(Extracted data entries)
◇ ◇ ◇

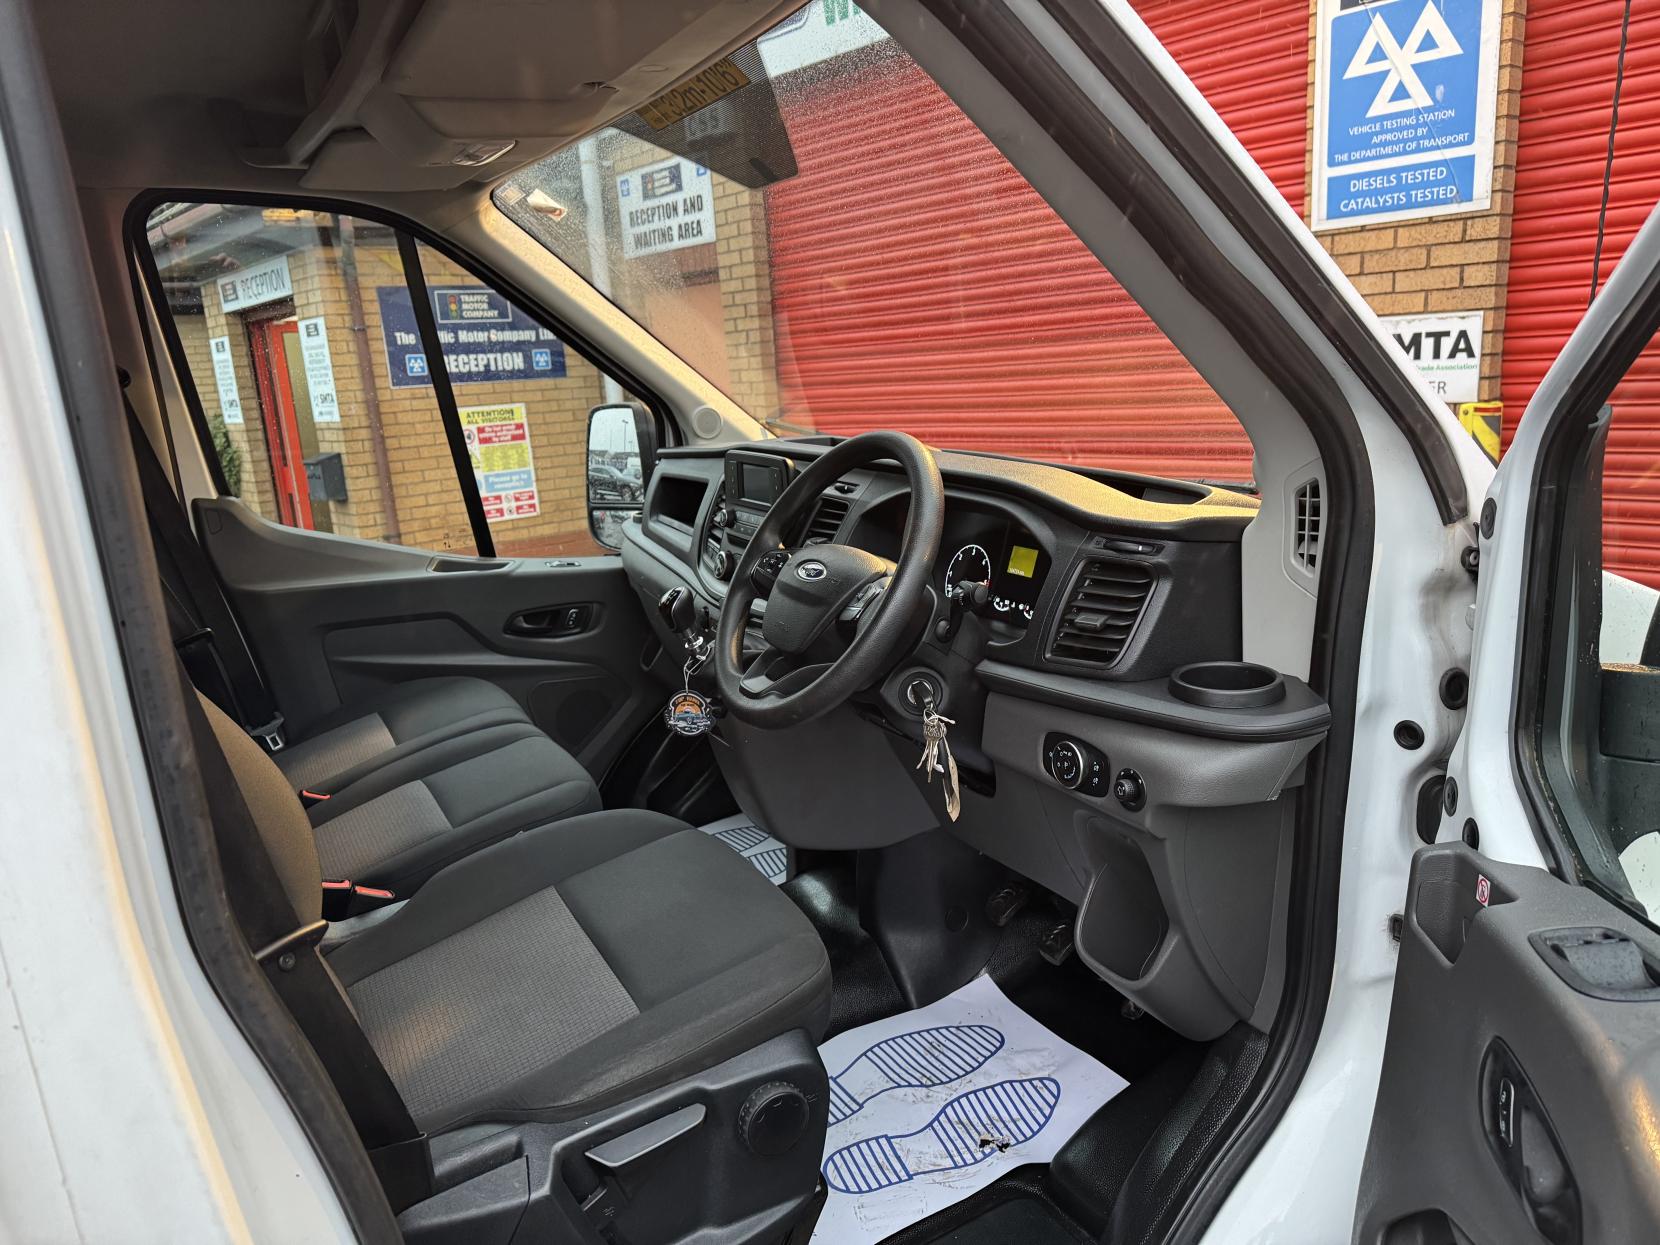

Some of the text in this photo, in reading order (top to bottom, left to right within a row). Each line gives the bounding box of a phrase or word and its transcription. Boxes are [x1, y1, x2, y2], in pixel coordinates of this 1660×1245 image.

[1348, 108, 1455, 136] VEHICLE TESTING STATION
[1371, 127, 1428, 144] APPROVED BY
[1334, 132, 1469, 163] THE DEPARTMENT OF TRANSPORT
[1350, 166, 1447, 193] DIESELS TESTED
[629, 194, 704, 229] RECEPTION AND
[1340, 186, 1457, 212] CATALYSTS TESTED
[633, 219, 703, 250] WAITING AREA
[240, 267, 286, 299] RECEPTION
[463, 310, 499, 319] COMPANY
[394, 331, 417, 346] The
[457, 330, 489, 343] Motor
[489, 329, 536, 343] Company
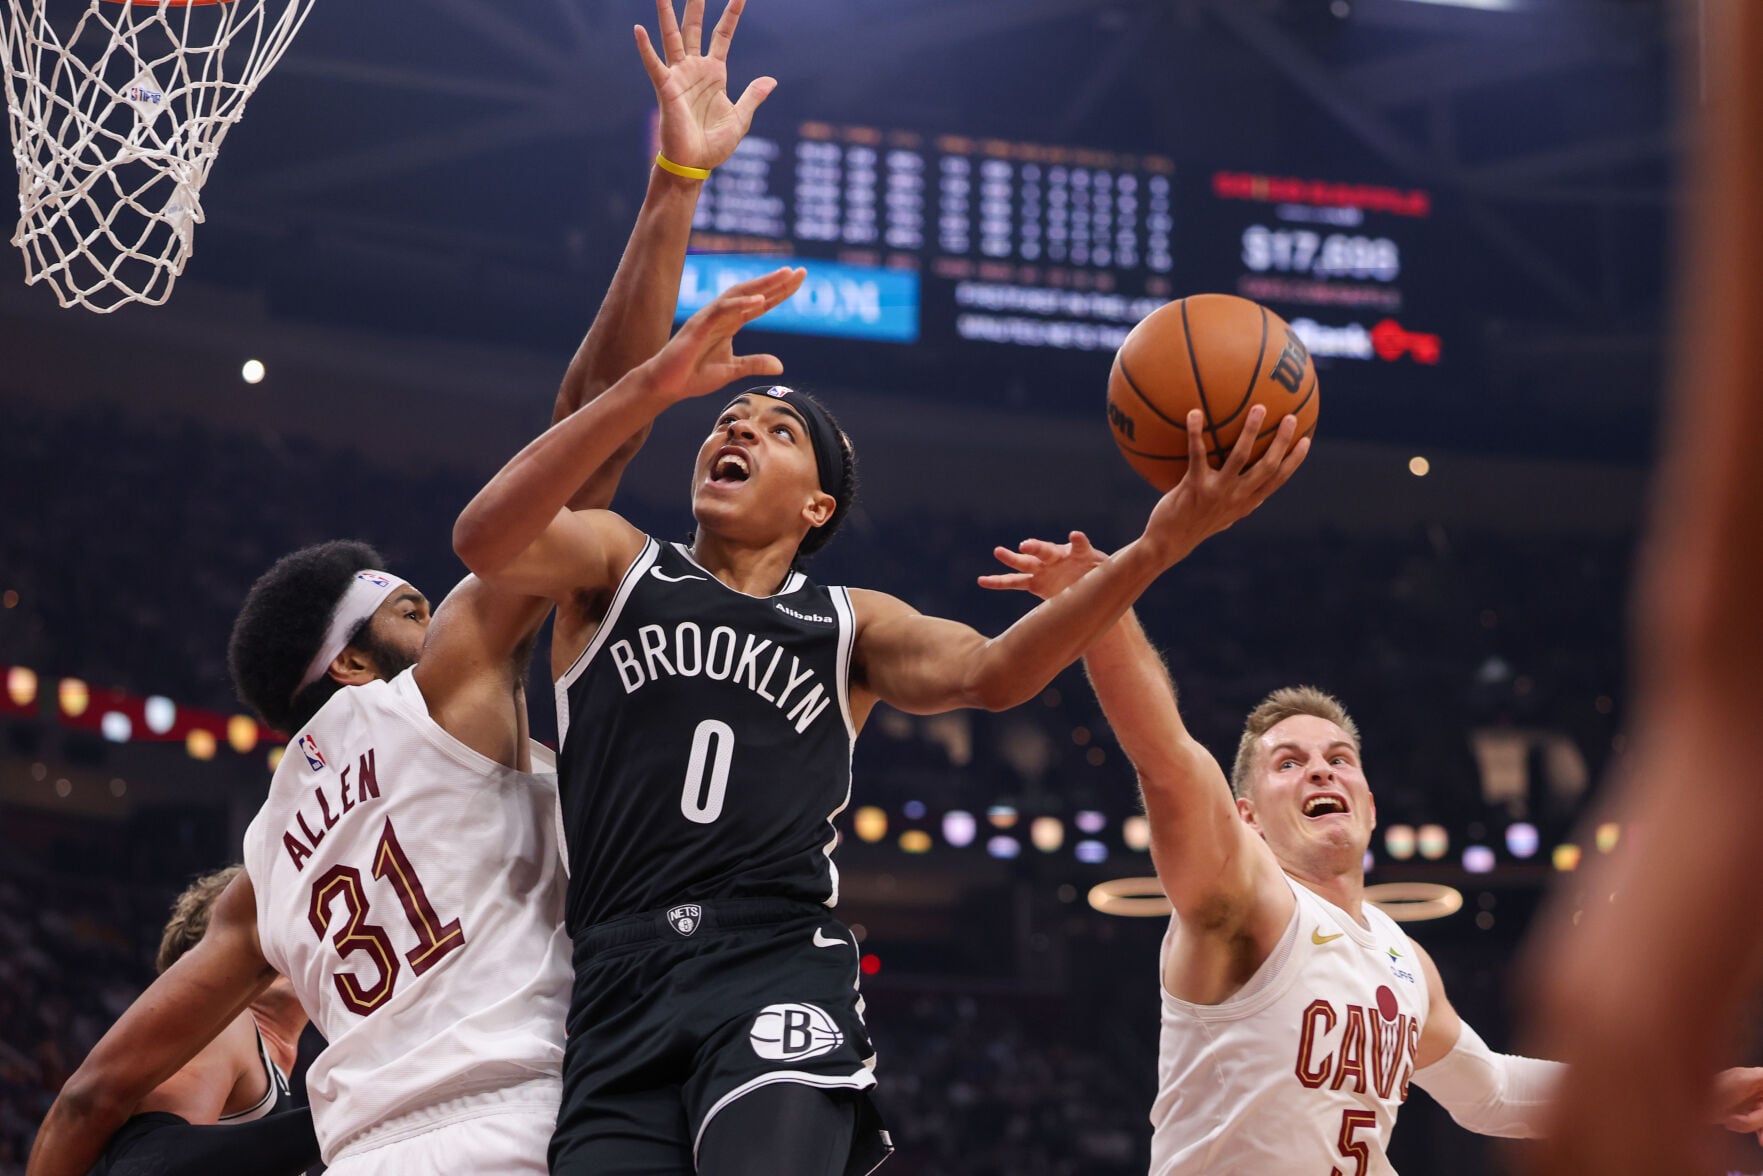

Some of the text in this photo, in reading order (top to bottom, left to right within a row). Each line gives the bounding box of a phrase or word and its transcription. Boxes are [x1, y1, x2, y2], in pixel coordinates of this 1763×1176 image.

◇ ◇ ◇

Reproduce all the data as it stands. The pictures are not part of the copy.

# [RESPONSE BOX]
Some of the text in this photo, in reading order (top to bottom, left to right within a row). Each line gives the bounding box of a phrase or word and its transcription. Boxes are [x1, y1, x2, y2], in pixel coordinates of this 1660×1245 image.

[1348, 108, 1455, 136] VEHICLE TESTING STATION
[1371, 127, 1428, 144] APPROVED BY
[1334, 132, 1469, 163] THE DEPARTMENT OF TRANSPORT
[1350, 166, 1447, 193] DIESELS TESTED
[629, 194, 704, 229] RECEPTION AND
[1340, 186, 1457, 212] CATALYSTS TESTED
[633, 219, 703, 250] WAITING AREA
[240, 267, 286, 299] RECEPTION
[463, 310, 499, 319] COMPANY
[394, 331, 417, 346] The
[457, 330, 489, 343] Motor
[489, 329, 536, 343] Company

Some of the text in this photo, in reading order (top to bottom, left to right within a row). Each line gives the bounding box of a phrase or word and its transcription. Boxes are [x1, y1, x2, y2], in pixel coordinates of this 1763×1176 image.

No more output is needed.